Scientifically, the major chemicals in woad root are phenylpropanoids, alkaloids and organic acids. The most active ingredients appear to be clemastanin B (CB) and epigoitrin. While none of the compounds or individual chemicals have been shown to kill a virus directly (in vitro), they do inhibit virus multiplication and attachment.

Viruses cannot survive on their own. They need to attach to our cells before invading them, then splice into our DNA * after entering. After reprogramming our “software,” * they can replicate and build an army to seek and destroy more of our cells.

[* Correction, 2/18/20:

Coronaviruses are RNA viruses and do not enter the nucleus of the cell where our DNA resides. They use the components within the cytosol to replicate. For viruses that do enter the nucleus, alteration of our DNA is an infrequent event.]

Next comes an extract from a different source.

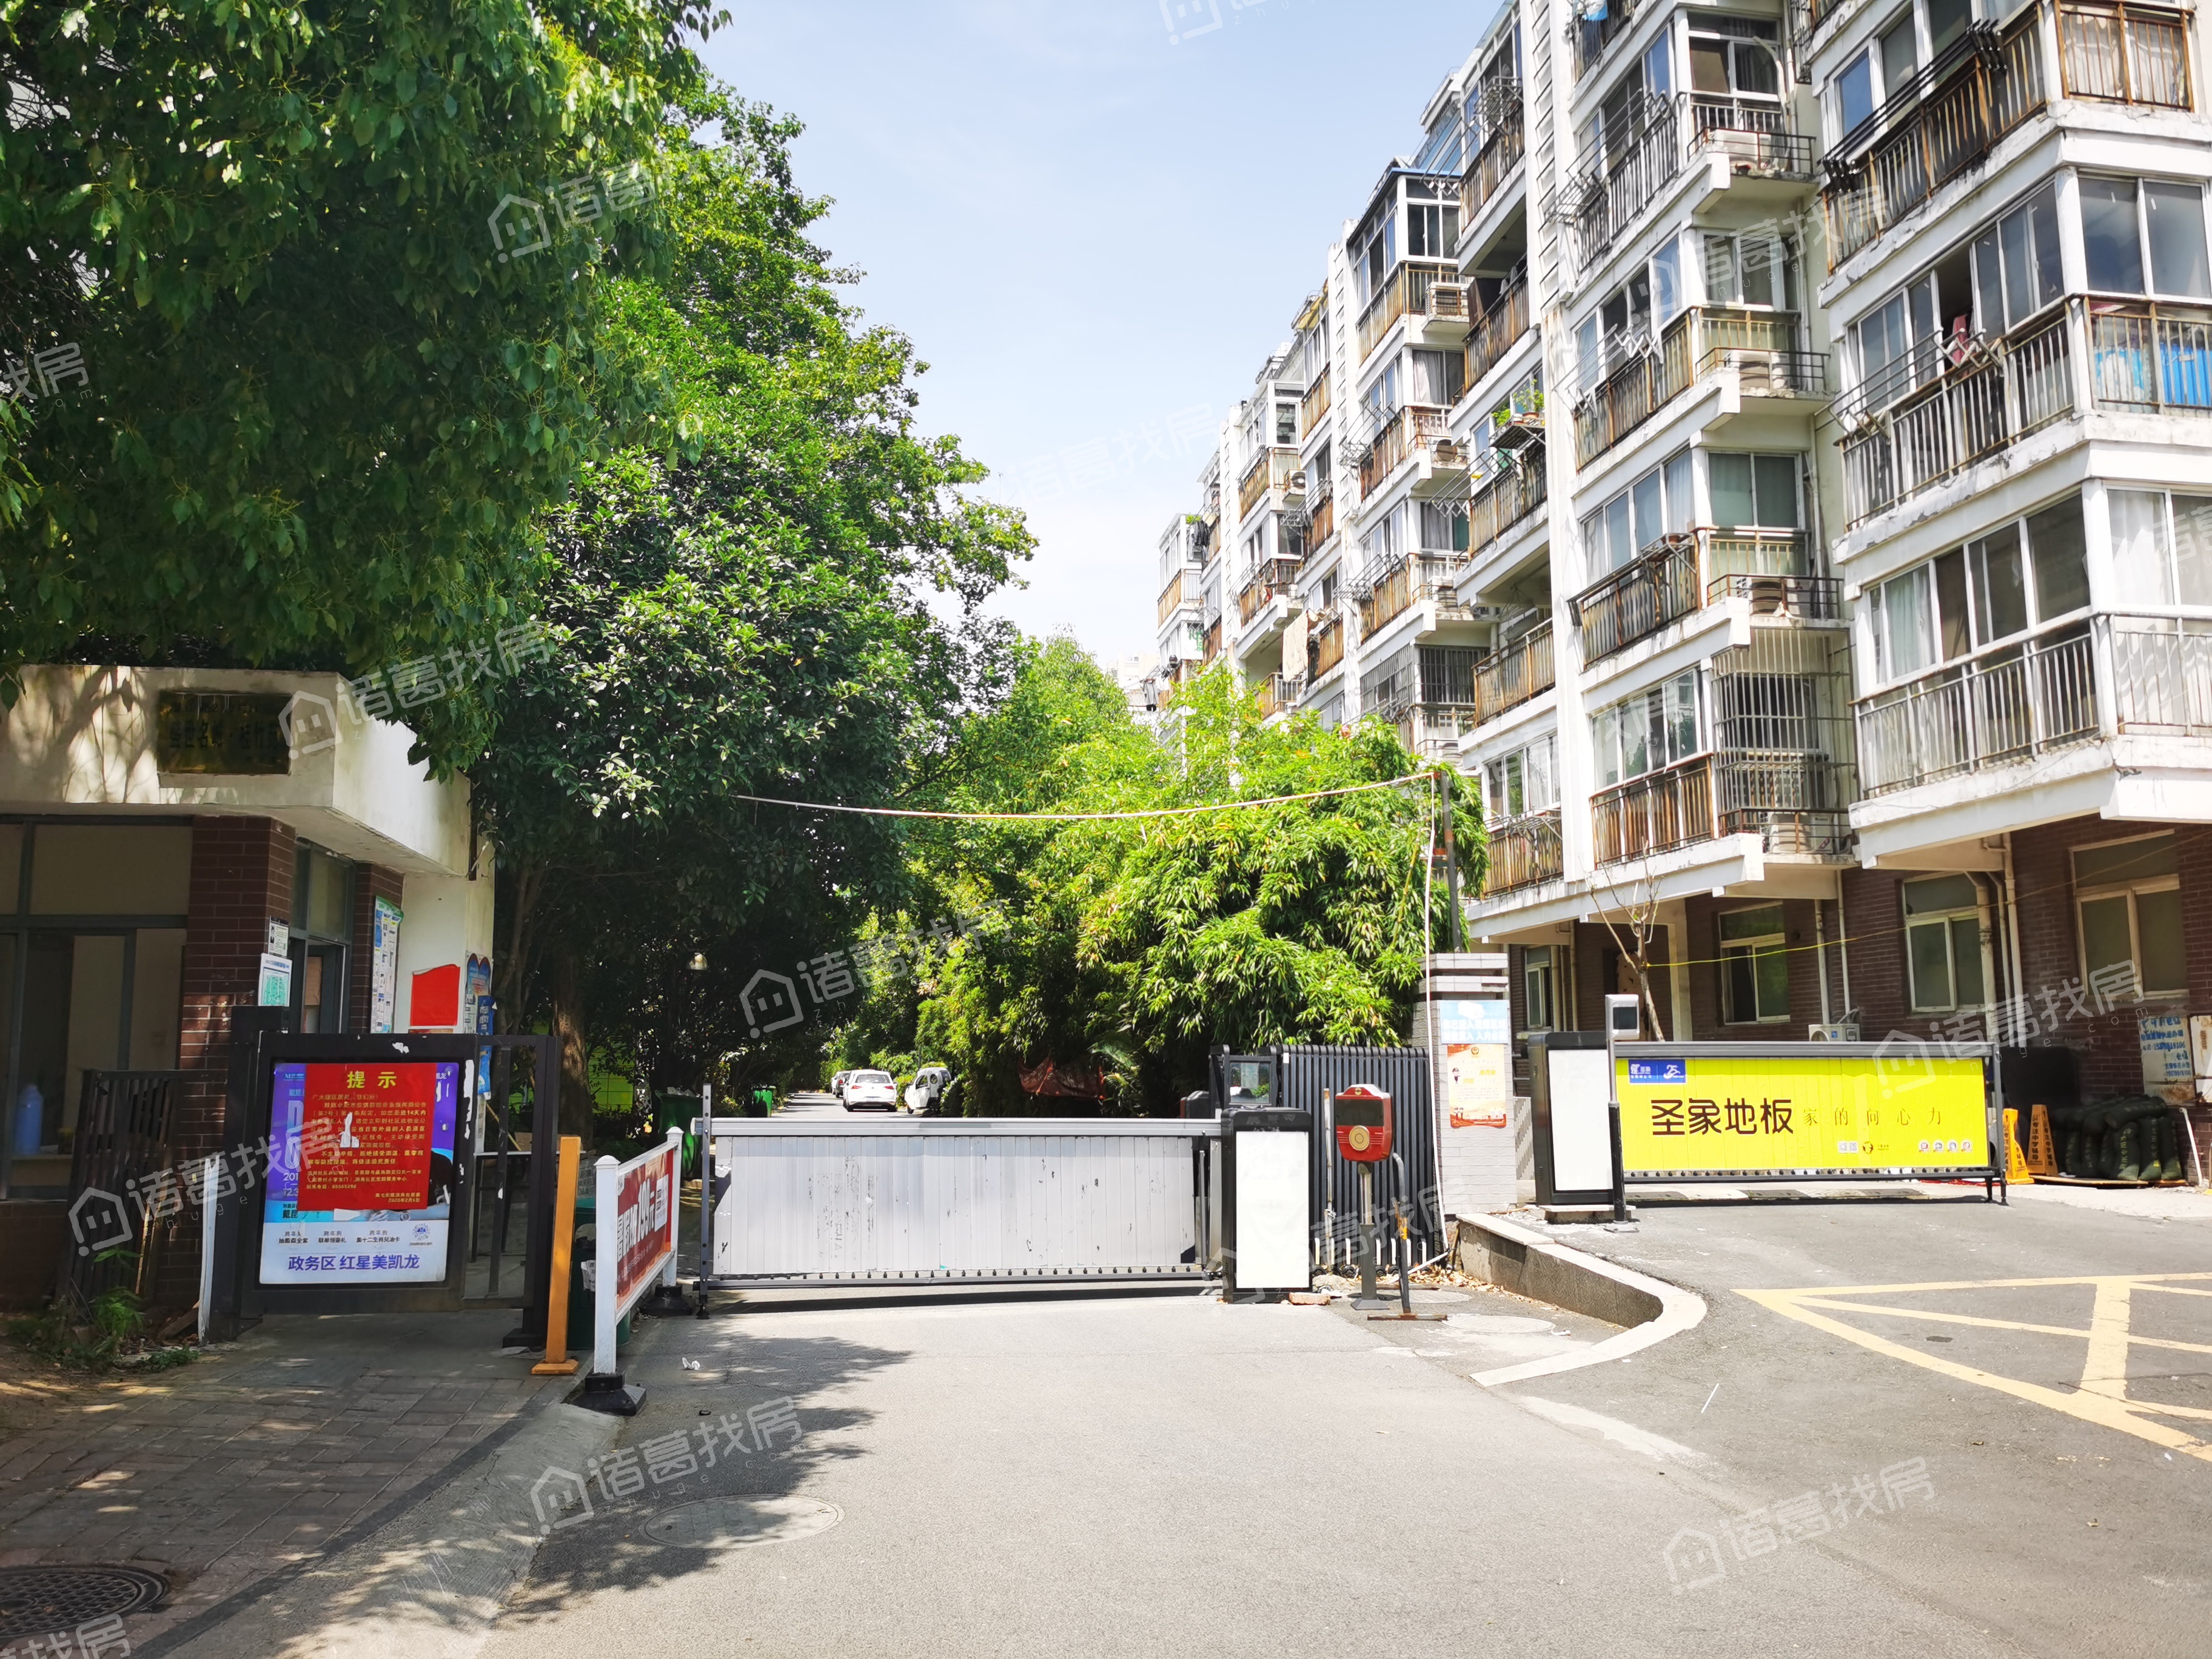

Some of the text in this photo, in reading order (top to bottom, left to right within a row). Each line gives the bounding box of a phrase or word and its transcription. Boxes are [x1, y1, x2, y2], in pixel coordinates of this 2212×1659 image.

[347, 1071, 397, 1088] 提示
[1651, 1098, 1794, 1135] 圣象地板
[1802, 1107, 1941, 1126] 家的向心力
[288, 1253, 420, 1271] 政务区 红星美凯龙

Woad root works by first building a firewall at the cellular level, preventing virus attachment. The second layer of defense is to disrupt a virus’ ability to replicate. The cells that are infected would experience a natural cell death (senescence) and be cleared by our immune system.

References

Bajema, Kristina L, et al. “Persons Evaluated for 2019 Novel Coronavirus – United States 2020.” Centers for Disease Control and Prevention, 14 Feb. 2020, www.cdc.gov/mmwr/volumes/69/wr/mm6906e1.htm?s_cid=mm6906e1_w.

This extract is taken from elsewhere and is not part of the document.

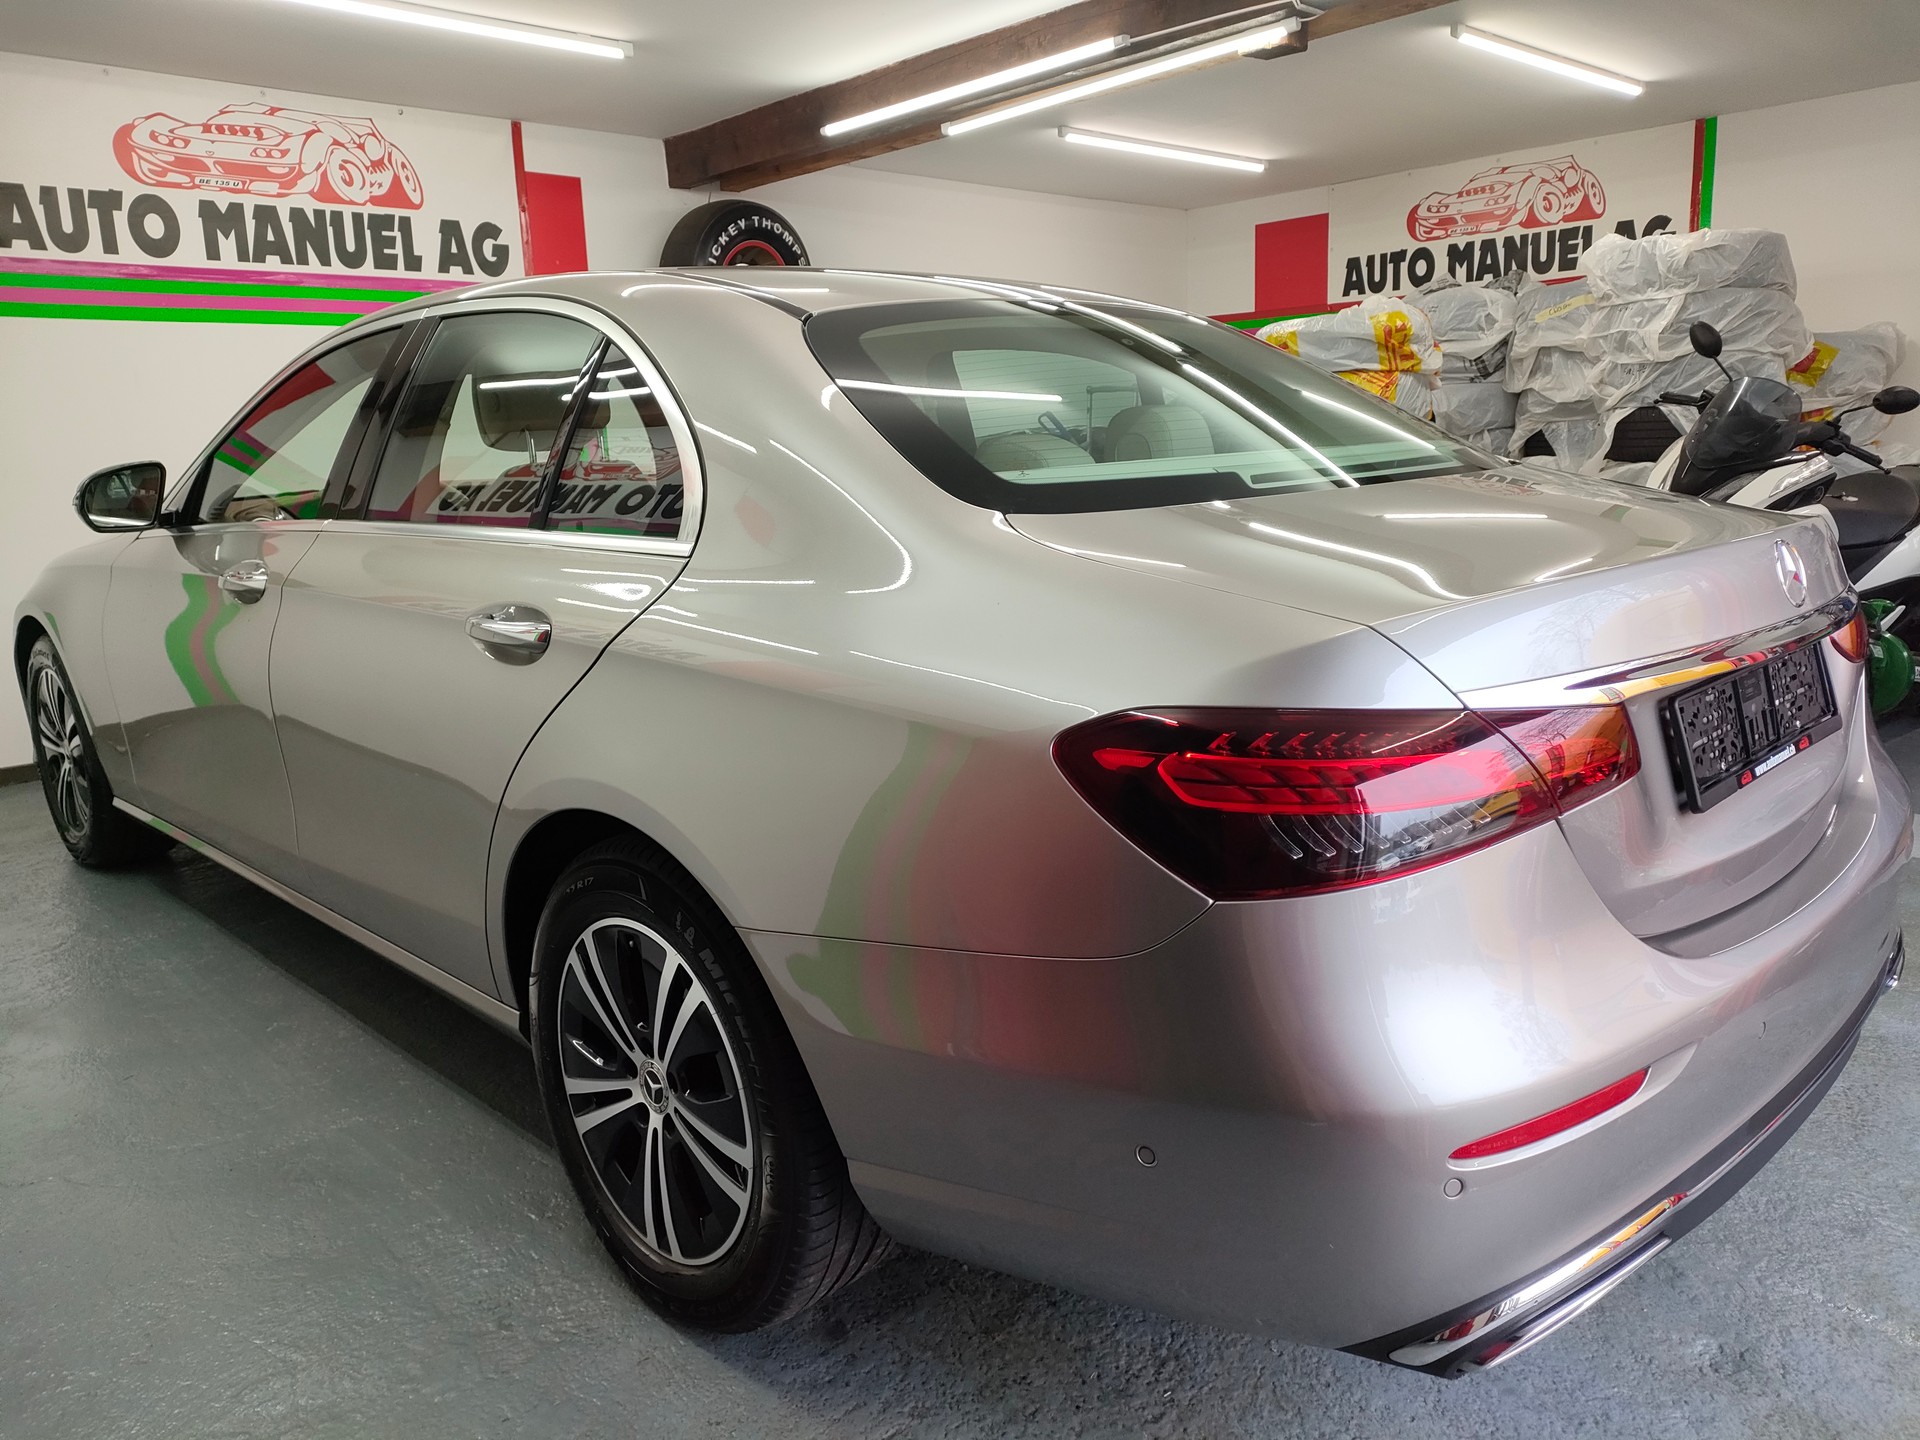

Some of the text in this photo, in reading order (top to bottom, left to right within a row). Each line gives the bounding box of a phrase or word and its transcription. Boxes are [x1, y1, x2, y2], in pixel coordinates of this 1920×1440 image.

Battegay, Manuel, et al. “2019-Novel Coronavirus (2019-NCoV): Estimating the Case Fatality Rate – a Word of Caution.” Swiss Medical Weekly, 2020, doi:10.4414/smw.2020.20203.

Chen, Jieliang. “Pathogenicity and Transmissibililty of 2019-NCoV–A Quick Overview and Comparison with Other Emerging Viruses.” Microbes and Infection, 4 Feb. 2020, doi:10.1016/j.micinf.2020.01.004.

“Coronavirus Disease 2019 (COVID-19), Situation Report – 27.” World Health Organization, 16 Feb. 2020, www.who.int/emergencies/diseases/novel-coronavirus-2019/situation-reports/.

“Coronavirus Disease 2019 (COVID-19), Situation Report – 28.” World Health Organization, 17 Feb. 2020, www.who.int/emergencies/diseases/novel-coronavirus-2019/situation-reports/.

Fehr, Anthony R., and Stanley Perlman. “Coronaviruses: An Overview of Their Replication and Pathogenesis.” Coronaviruses Methods in Molecular Biology, 2015, pp. 1–23., doi:10.1007/978-1-4939-2438-7_1.

NIH, National Institute of General Medical Sciences (NIGMS). “Our Complicated Relationship with Viruses.” ScienceDaily, 28 Nov. 2016, www.sciencedaily.com/releases/2016/11/161128151050.htm.

Su, Jia-Hang, et al. “Modes of Antiviral Action of Chemical Portions and Constituents from Woad Root Extract against Influenza Virus A FM1.” Evidence-Based Complementary and Alternative Medicine, vol. 2016, 2016, pp. 1–8., doi:10.1155/2016/2537294.